*Work instruction*.
Please transcribe exactly the line that holds "Some of the words" and all lines that follow it to the end of the records below, omitting any pictures.

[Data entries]
——

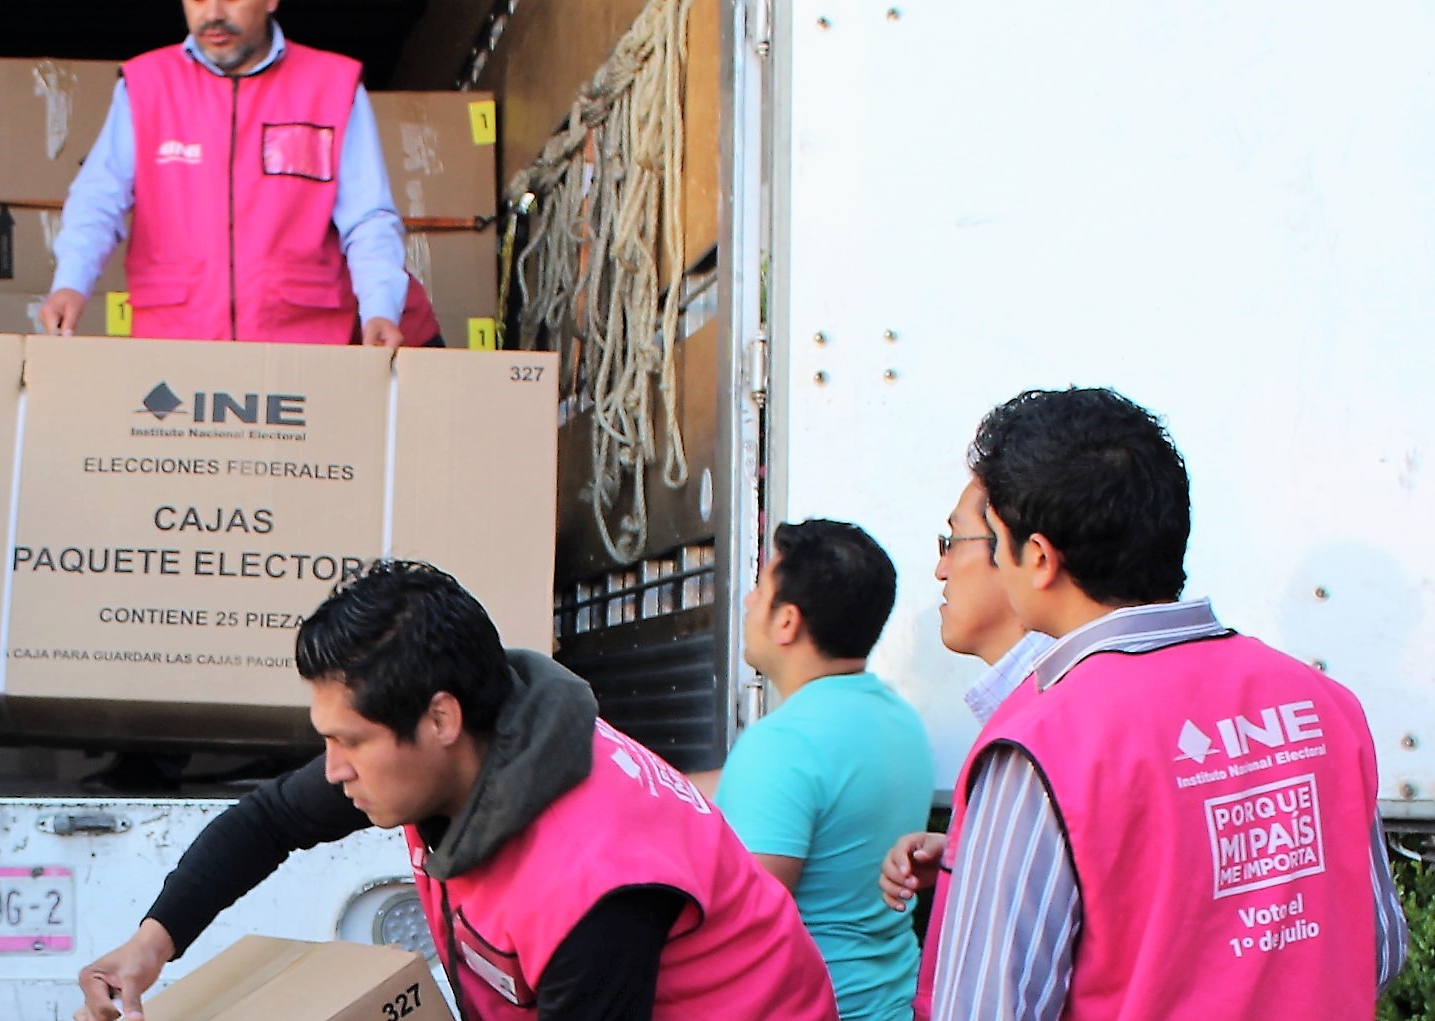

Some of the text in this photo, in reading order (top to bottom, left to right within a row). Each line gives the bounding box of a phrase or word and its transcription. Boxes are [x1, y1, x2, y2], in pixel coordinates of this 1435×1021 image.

[479, 113, 489, 130] 1
[117, 303, 126, 321] 1
[477, 329, 486, 347] 1
[509, 365, 545, 382] 327
[192, 390, 307, 427] INE
[188, 428, 245, 440] Nacional
[248, 430, 307, 442] Electoral
[83, 456, 355, 481] ELECCIONES FEDERALES
[154, 506, 274, 534] CAJAS
[13, 546, 365, 583] PAQUETE ELECTOR
[99, 607, 305, 629] CONTIENE 25 PIEZA
[13, 648, 49, 660] CAJA
[53, 649, 90, 661] PARA
[94, 650, 162, 664] GUARDAR
[166, 653, 192, 664] LAS
[196, 654, 243, 666] CAJAS
[247, 655, 296, 669] PAQUE
[1216, 699, 1324, 760] INE
[1176, 769, 1227, 788] Instituto
[1214, 786, 1312, 832] PORQUE
[1219, 811, 1316, 867] MI PAÍS
[1219, 846, 1317, 886] ME IMPORTA
[1288, 892, 1304, 916] el
[1278, 919, 1320, 951] julio
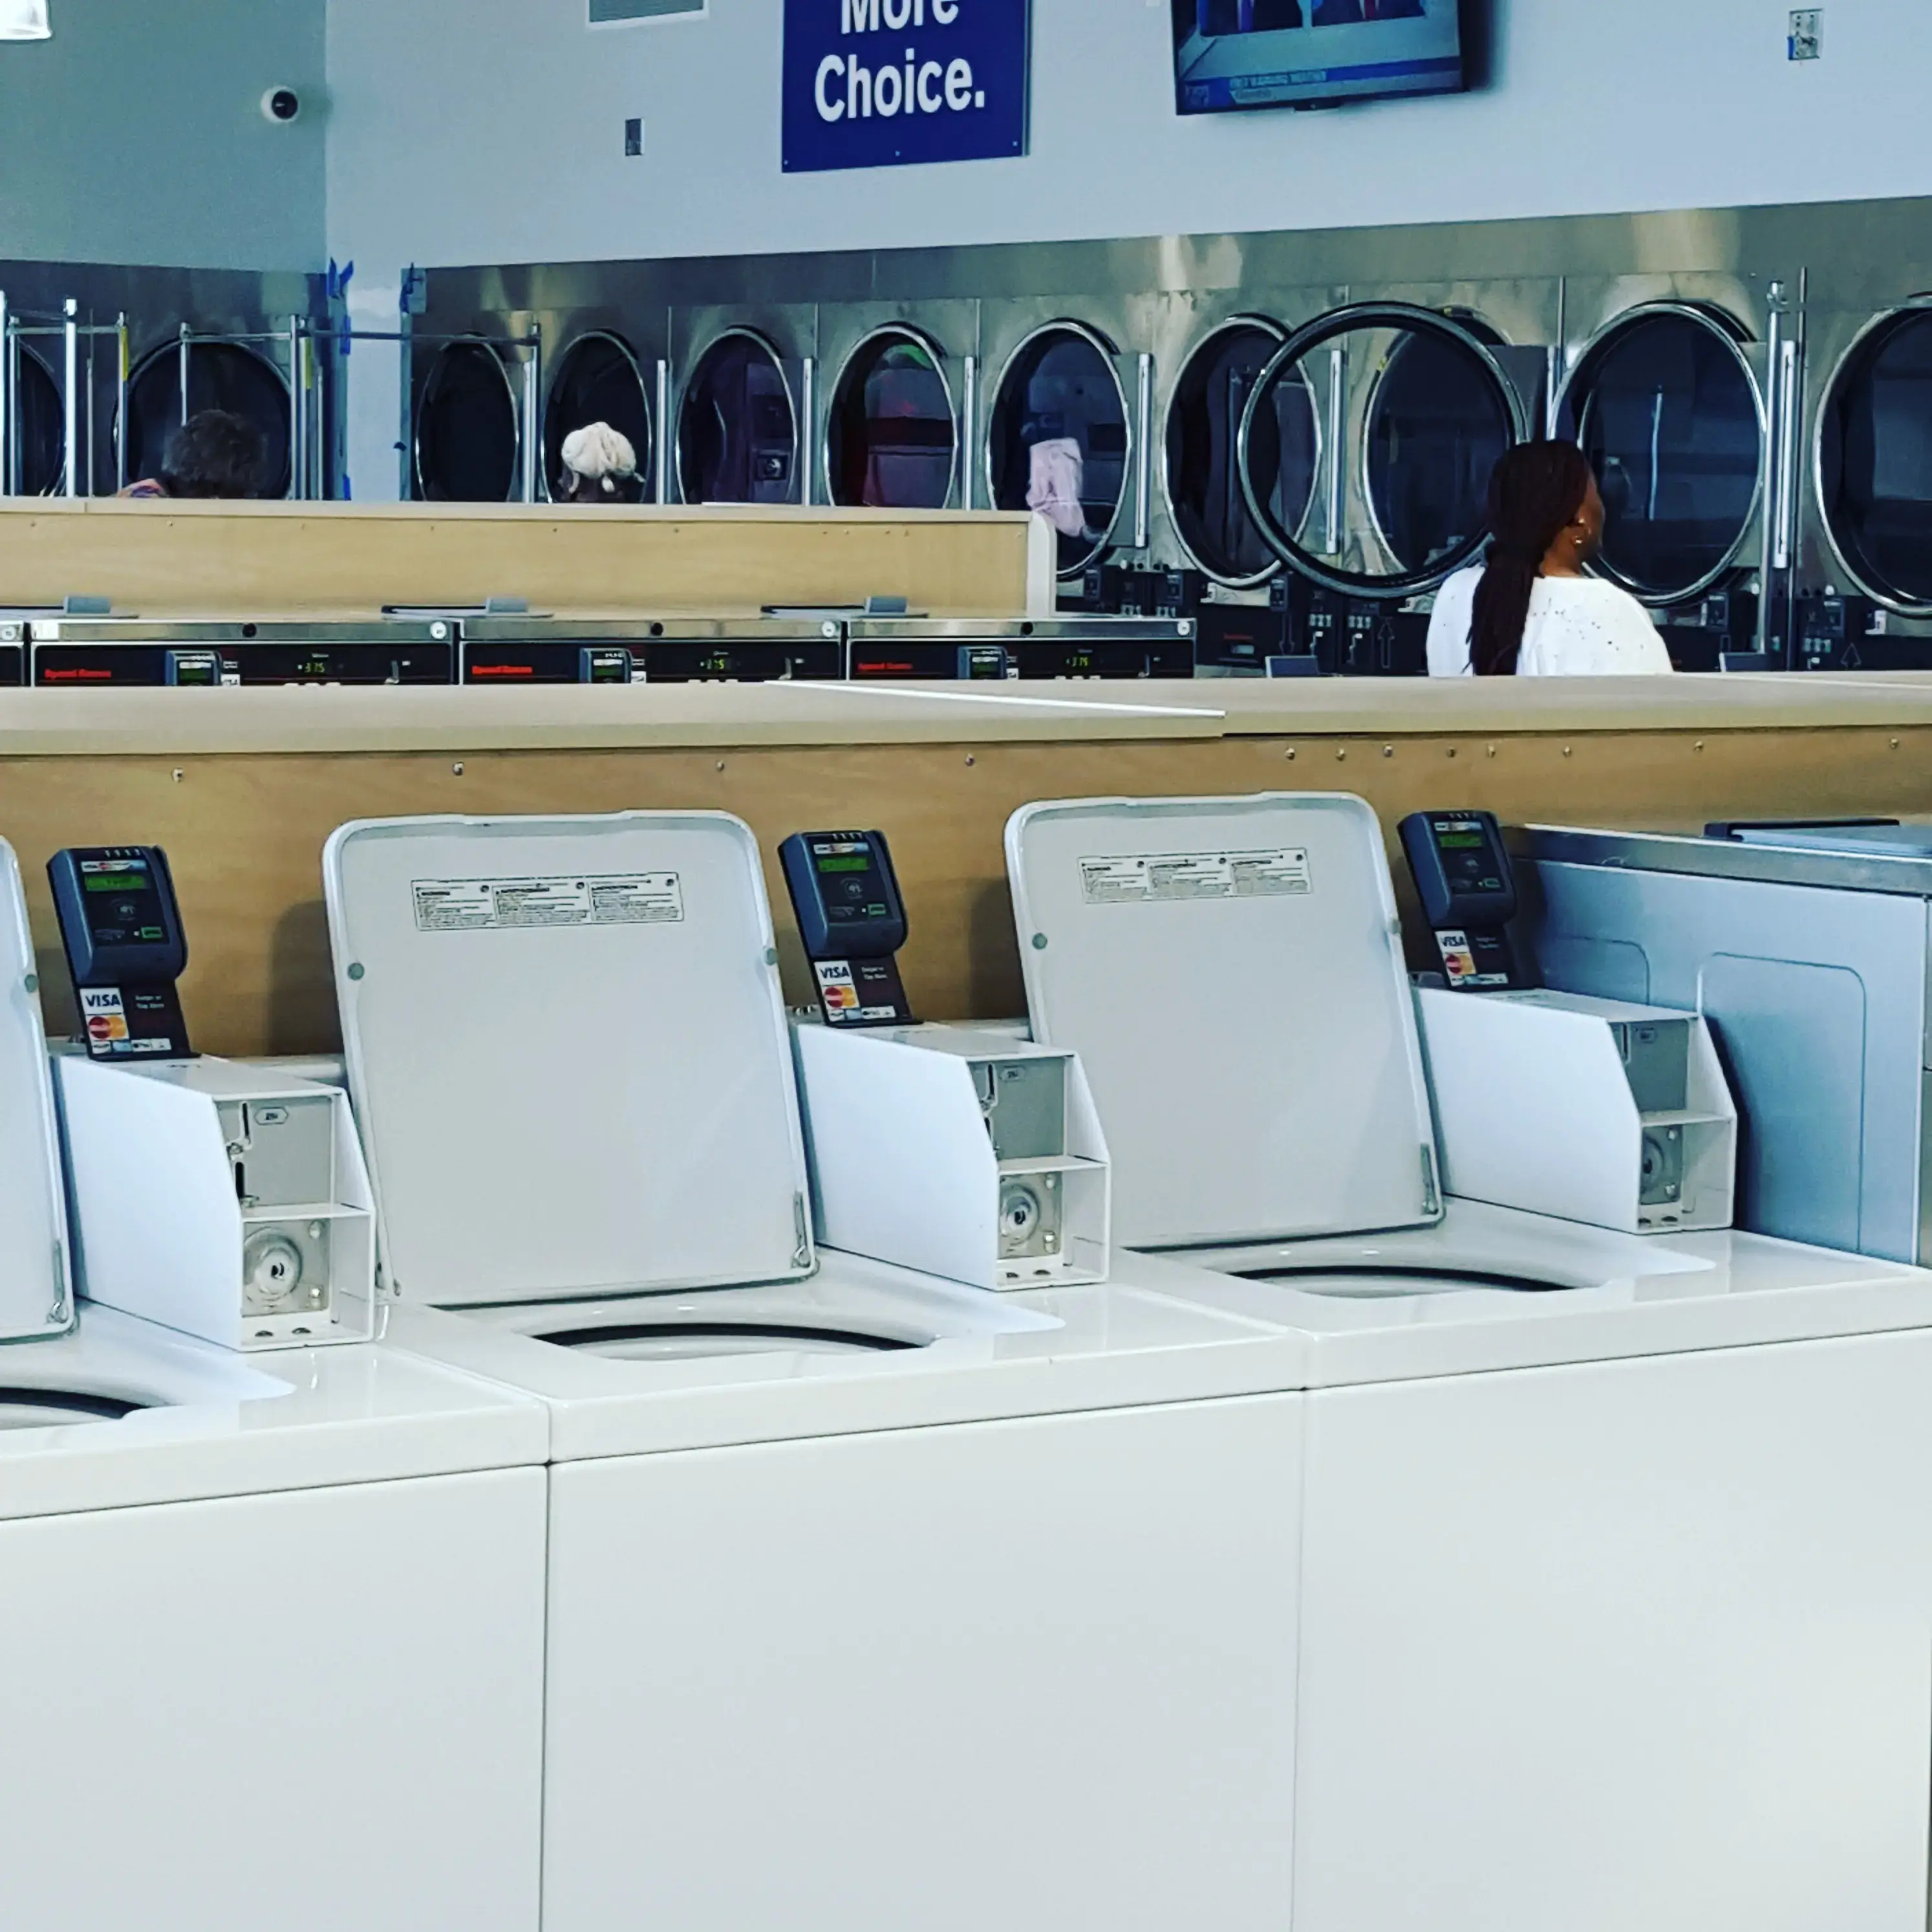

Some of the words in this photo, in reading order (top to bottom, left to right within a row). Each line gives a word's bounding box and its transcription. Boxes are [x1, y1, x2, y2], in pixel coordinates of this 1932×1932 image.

[815, 48, 985, 122] Choice.
[1443, 936, 1466, 947] VISA
[820, 967, 850, 978] VISA
[85, 994, 120, 1007] VISA
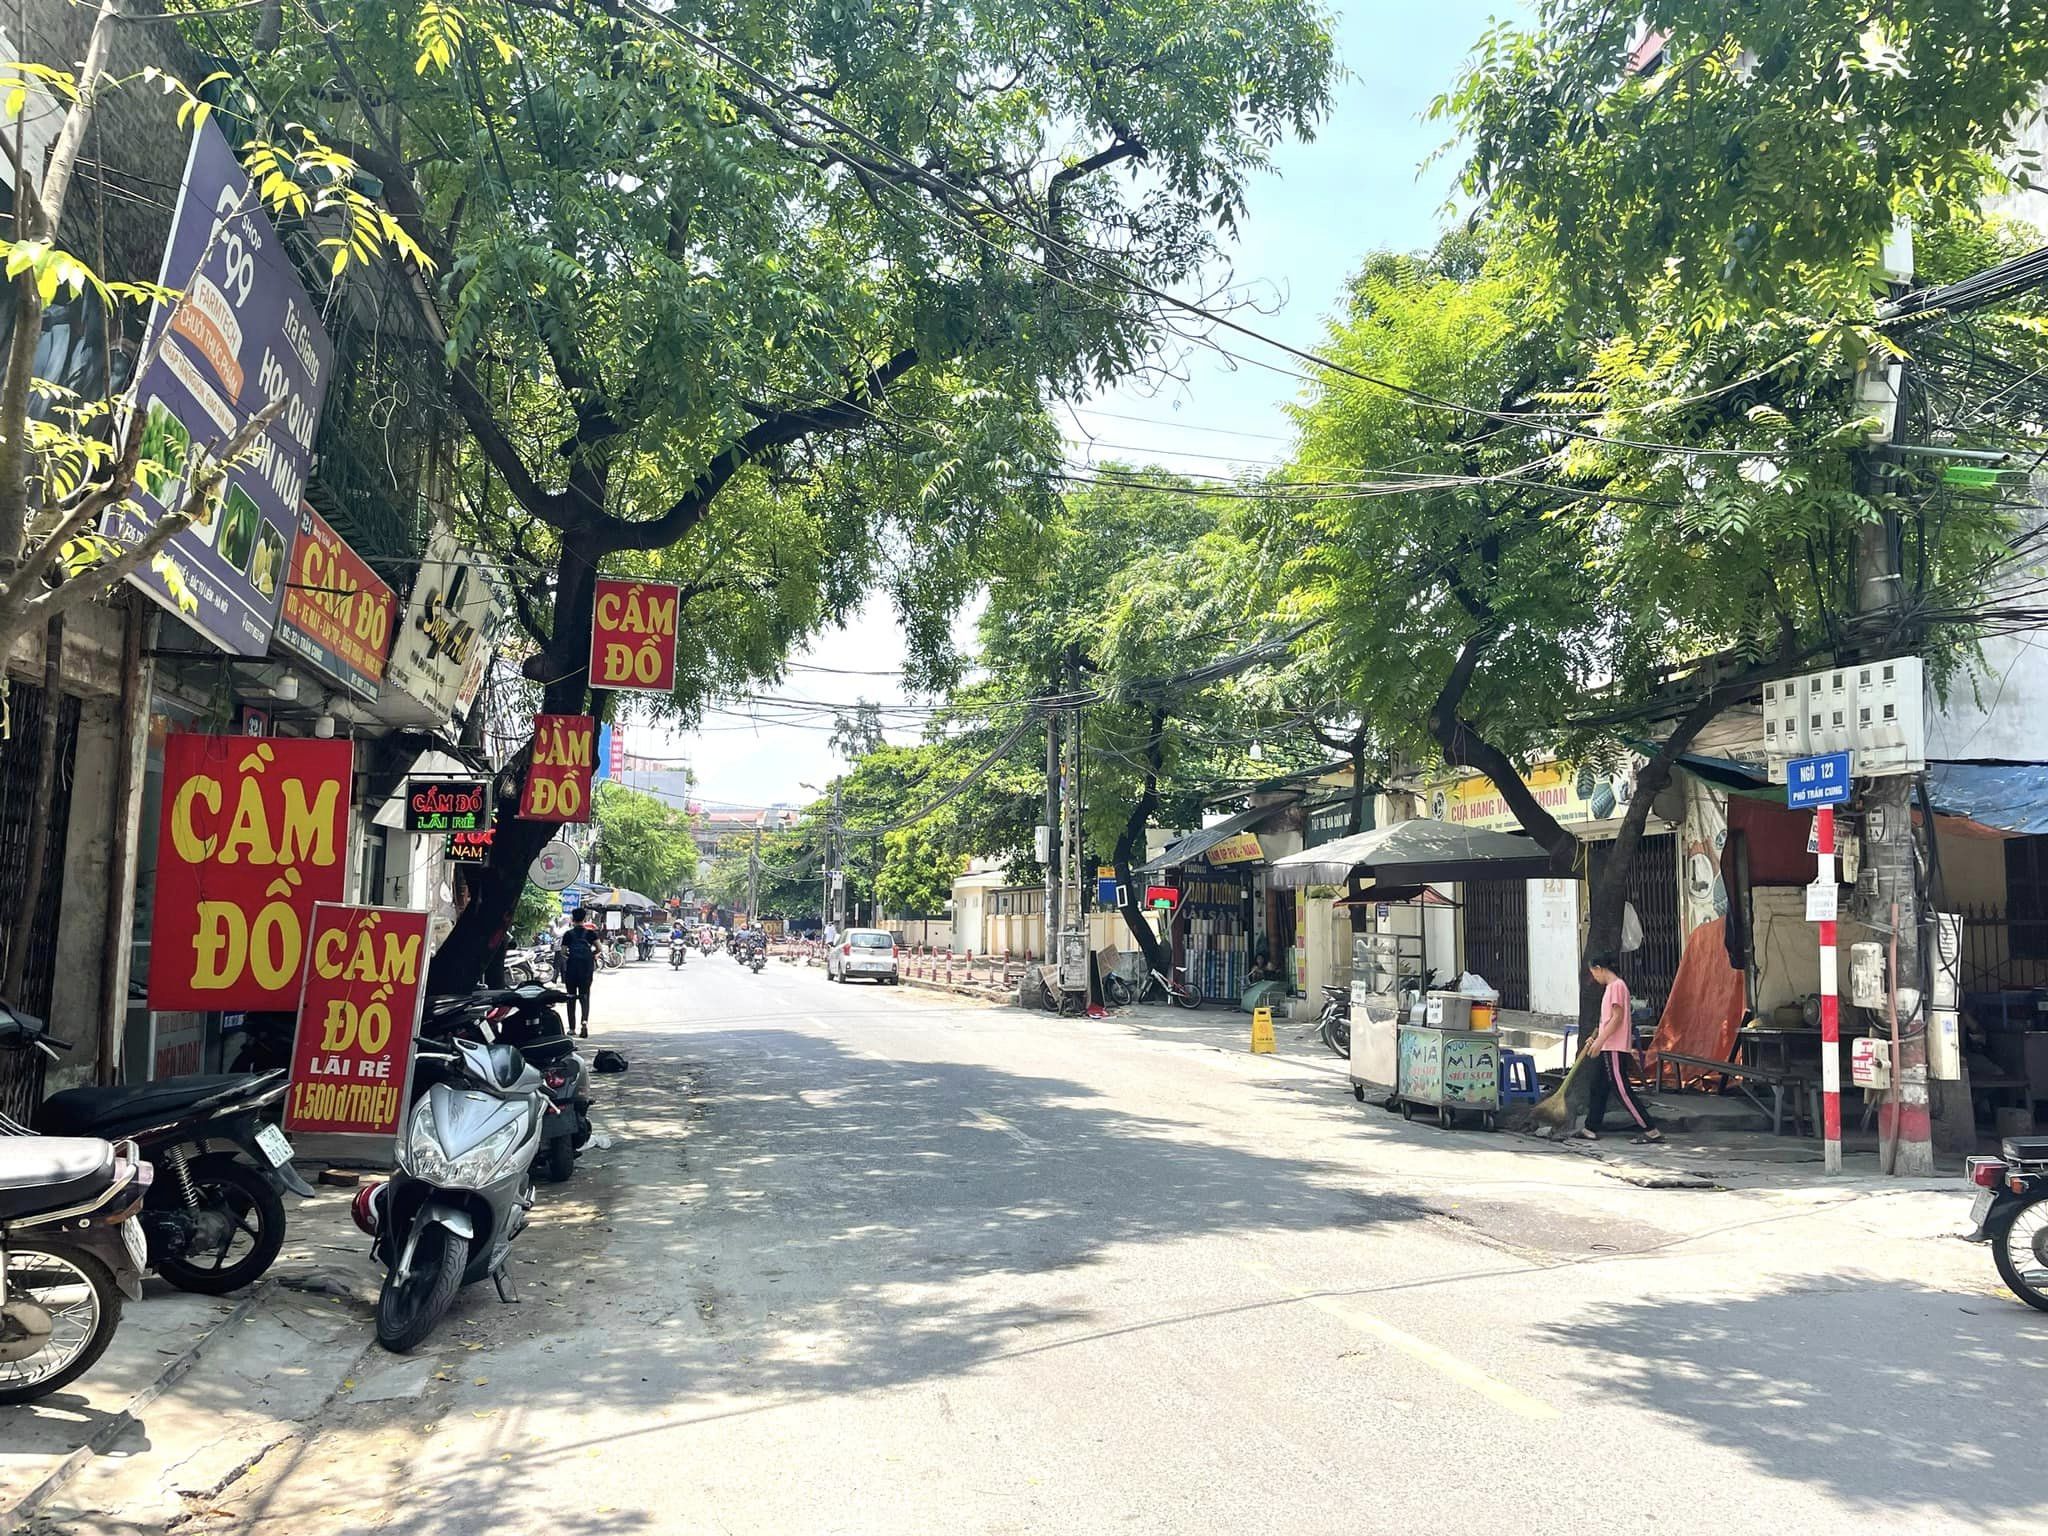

——

*Result below*.
Some of the words in this photo, in reading order (top to bottom, left to right within a row). Each line gives a word's bounding box and its transcription. Boxes are [x1, y1, x2, y2], in pixel coordinates of this 1932×1932 image.

[815, 48, 985, 122] Choice.
[1443, 936, 1466, 947] VISA
[820, 967, 850, 978] VISA
[85, 994, 120, 1007] VISA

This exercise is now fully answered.